WASP-39b takes only four days to come full circle around its parent star. It’s about 20 times closer to its parent star than Earth is to the sun. It’s also tidally locked, meaning it always shows the same face to its star, like the moon.
Being this close to its star, the planet’s day-side temperature hovers at a scorching 1,430 degrees Fahrenheit (776.7 degrees Celsius). And because the exoplanet’s atmosphere is circulated by powerful winds, the night-side of the planet is also just about as hot. Unlike Saturn, WASP-39b doesn’t have any rings. What’s more, it’s atmosphere is free of high-altitude clouds, which allowed Wakeford and colleagues to easily peer down to its depths.
“WASP-39b shows exoplanets can have much different compositions than those of our solar system,” said co-author David Sing of the University of Exeter in Devon, United Kingdom, in a statement. “Hopefully this diversity we see in exoplanets will give us clues in figuring out all the different ways a planet can form and evolve.”
Due to its high water content and hot proximity to its parent star, scientists are convinced WASP-39b must have formed very differently from Saturn. Most likely, it was bombarded by many icy bodies during its early history and, quite possibly, obliterated other planetary objects in its migratory path.

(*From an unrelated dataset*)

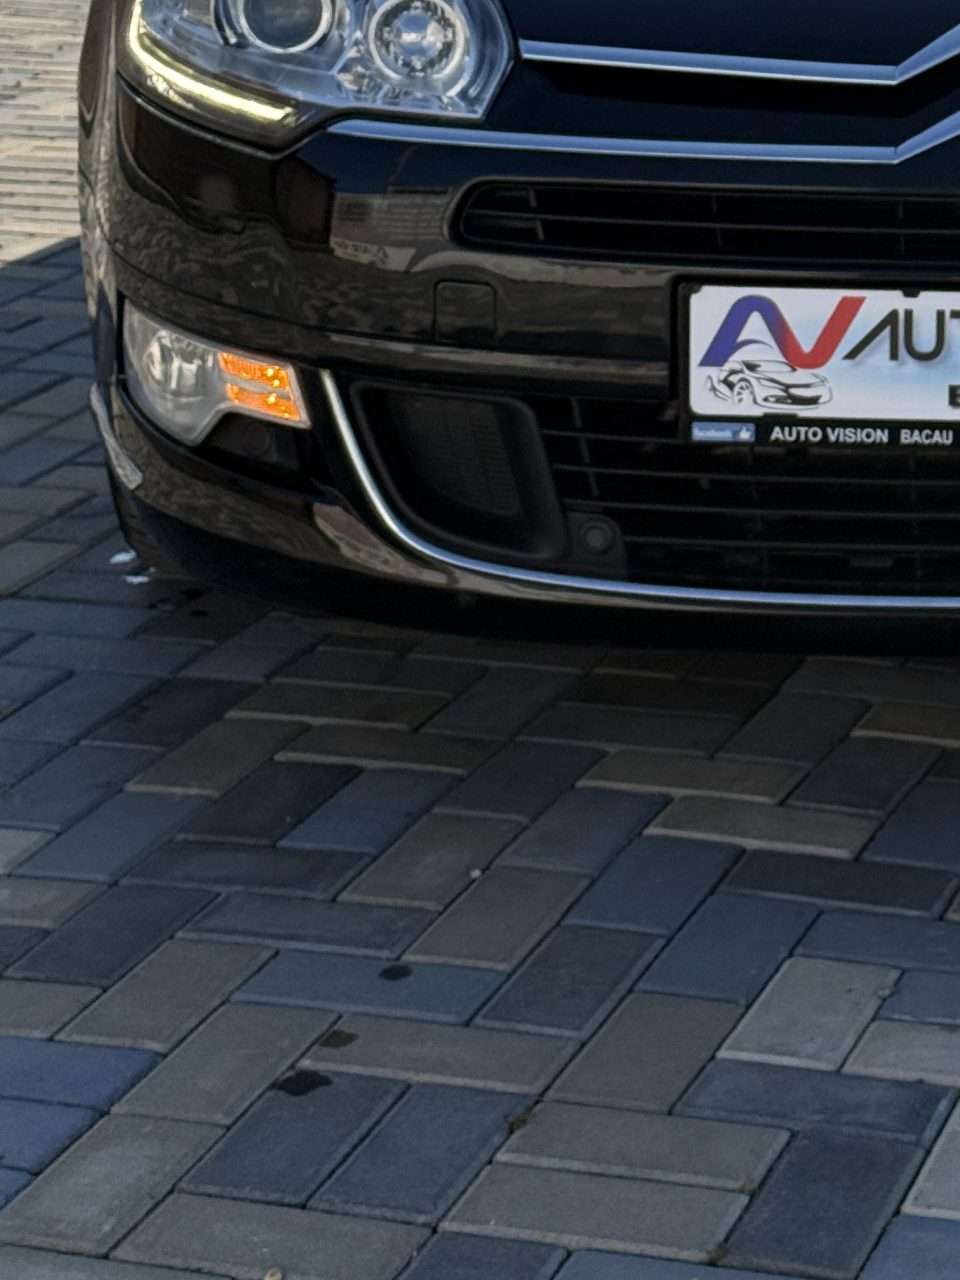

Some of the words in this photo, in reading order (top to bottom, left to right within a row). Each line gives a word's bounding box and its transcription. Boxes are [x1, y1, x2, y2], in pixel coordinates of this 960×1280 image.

[770, 426, 823, 443] AUTO
[825, 427, 889, 444] VISION
[900, 429, 953, 445] BACAU
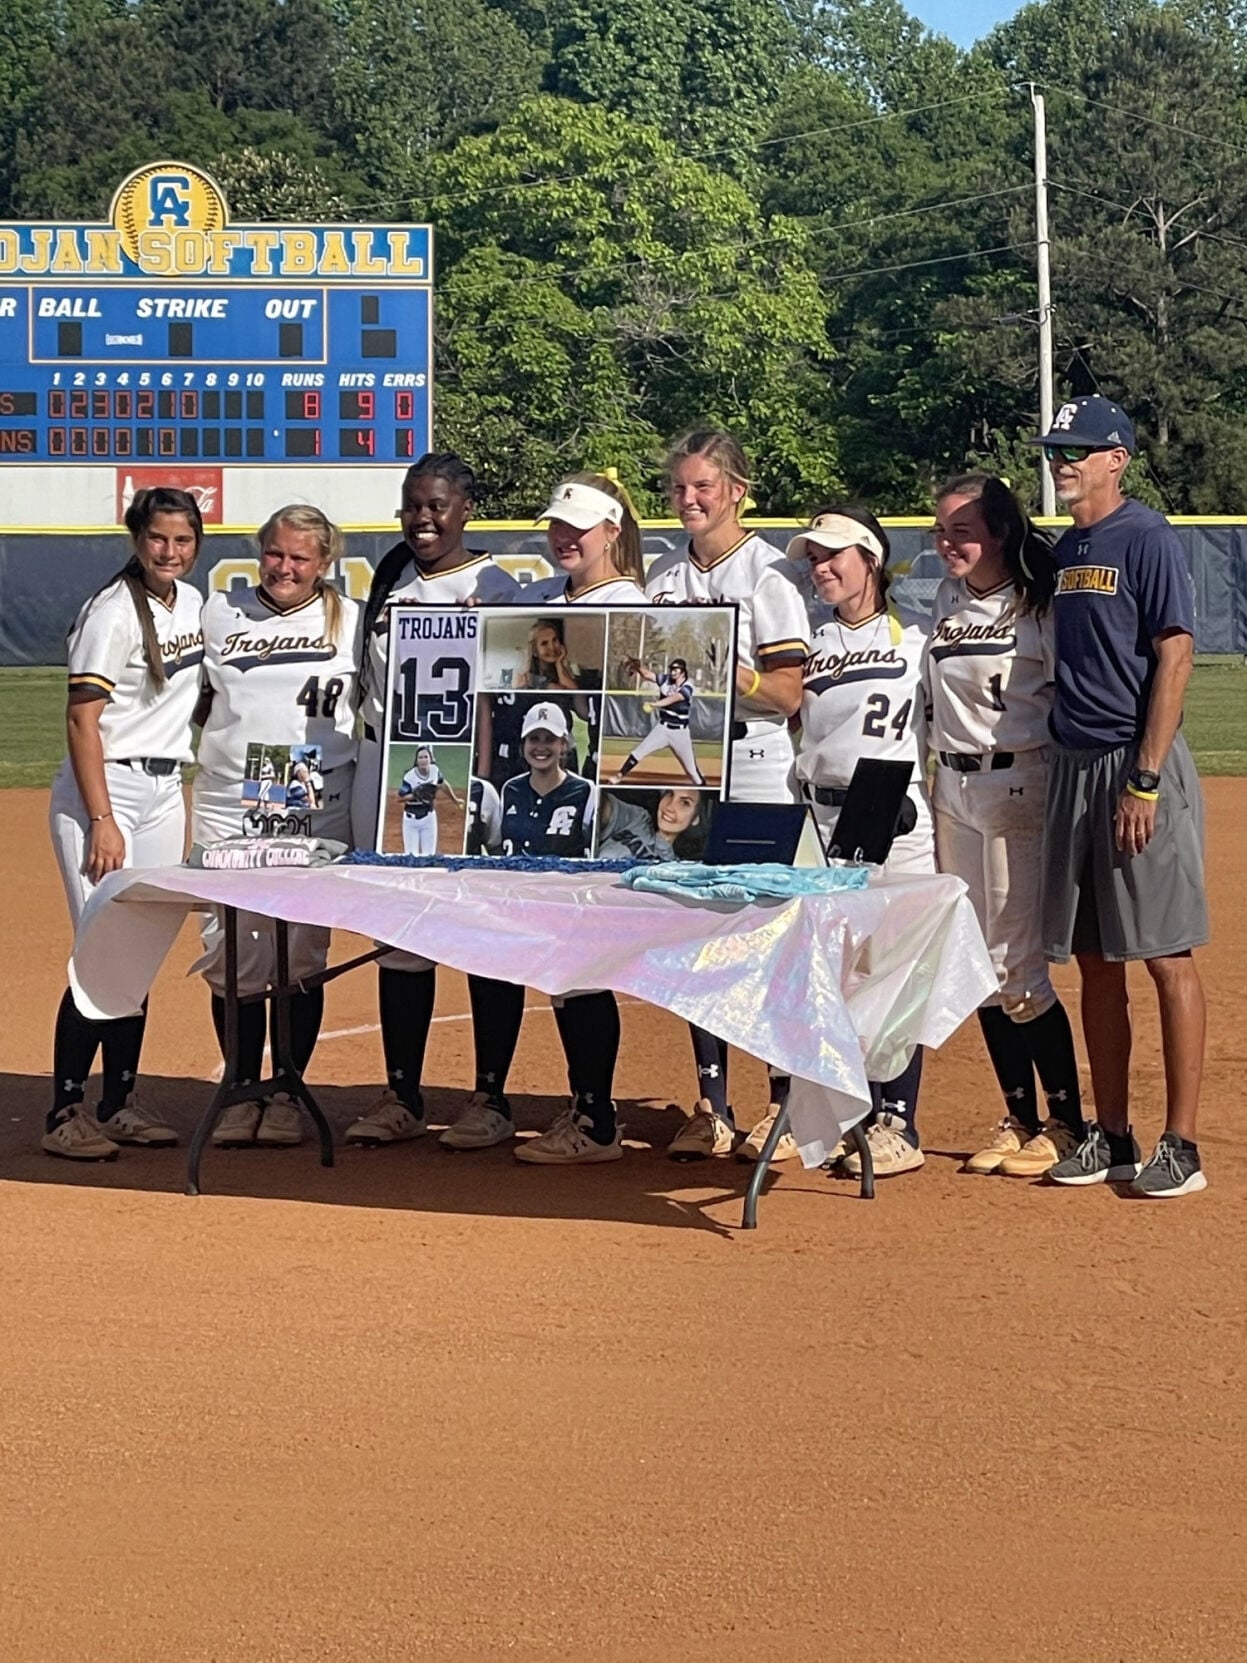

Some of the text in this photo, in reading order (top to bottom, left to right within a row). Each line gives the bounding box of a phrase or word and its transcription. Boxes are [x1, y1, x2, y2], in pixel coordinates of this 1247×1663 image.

WASP-39b is truly a unique world, the likes of which we’ve yet to encounter. Scientists hope to learn even more about it once the much anticipated James Webb Space Telescope launches in 2019. The powerful instruments on board the space telescope will allow astronomers to study exoplanets in much greater detail and which are much farther away than currently possible.
“By calculating the amount of carbon and oxygen in the atmosphere, we can learn even more about where and how this planet formed,” said Wakeford.